The American’s with Disabilities Act, ADA, which took effect on July 26, 1992, supported parents and consumers’ insistence on an appropriate response to mental illness in the workplace and public accommodations.

Particularly since 1990, advances in brain science, brain scans, growing understanding in brain biochemistry, advances in psychological therapy, electrical brain stimulation, and the role of the genome in brain development and functioning are bringing important new understandings to health care providers, policy makers and the public.

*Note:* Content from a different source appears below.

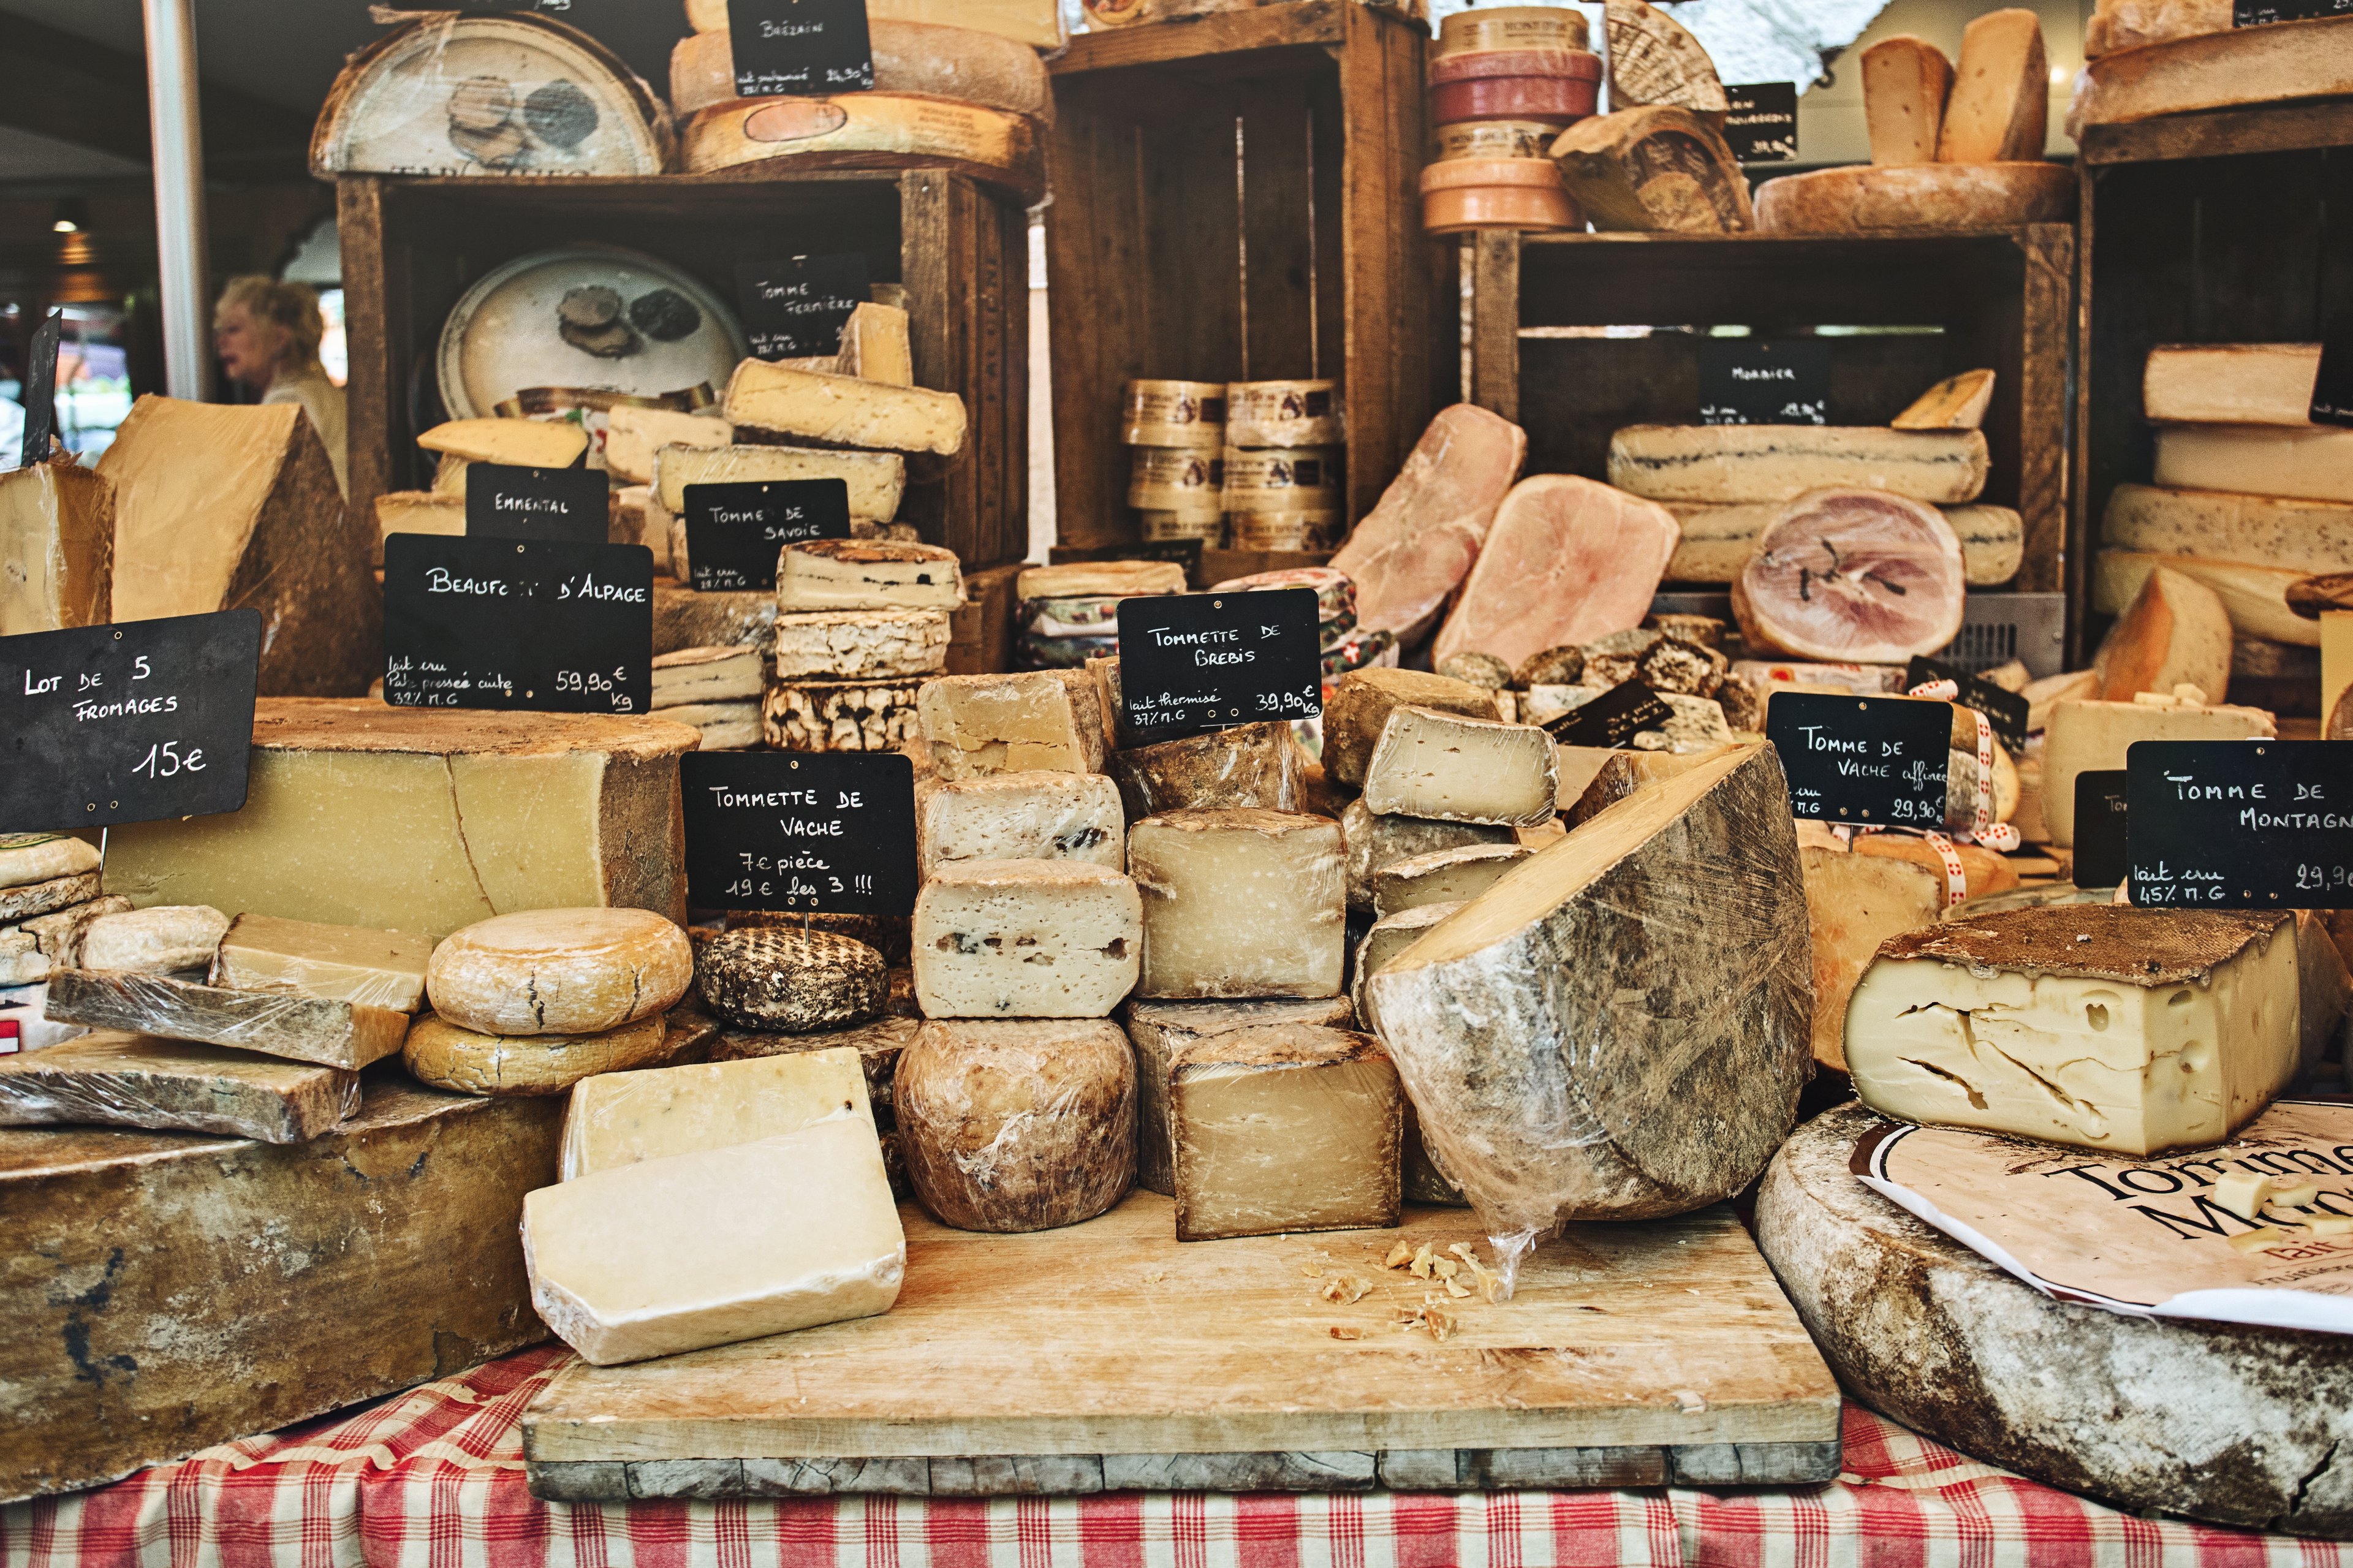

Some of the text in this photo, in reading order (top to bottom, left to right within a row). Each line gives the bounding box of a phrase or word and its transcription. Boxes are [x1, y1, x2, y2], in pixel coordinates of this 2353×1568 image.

There is an increased understanding that the mind/body split that 18th century philosophers detailed is a fiction. The brain is a real part of the body and the brain and other organs of the body interact in numerous ways so that a health care system that does not treat the brain with the body is outmoded. This new understanding is reflected in the Mental Health Parity Act of 1996 which broke down some of the discrimination against mental health care. So called full parity between mental health, substance abuse treatment and medical and surgical treatment has been under consideration by congress since the mid 1990s and appears closer than ever to passage this year. And at the state level, 1997 saw passage of uniform mental health benefits in all the major public health care program benefit sets. Mental health parity has already been the law in Minnesota since the 1990s.

Today there is an overwhelming need to update all health care, public safety, criminal justice and social service institutions to utilize the new insights that science provides. These systems, which in many cases are based on models that are centuries old, must be updated based on this new knowledge.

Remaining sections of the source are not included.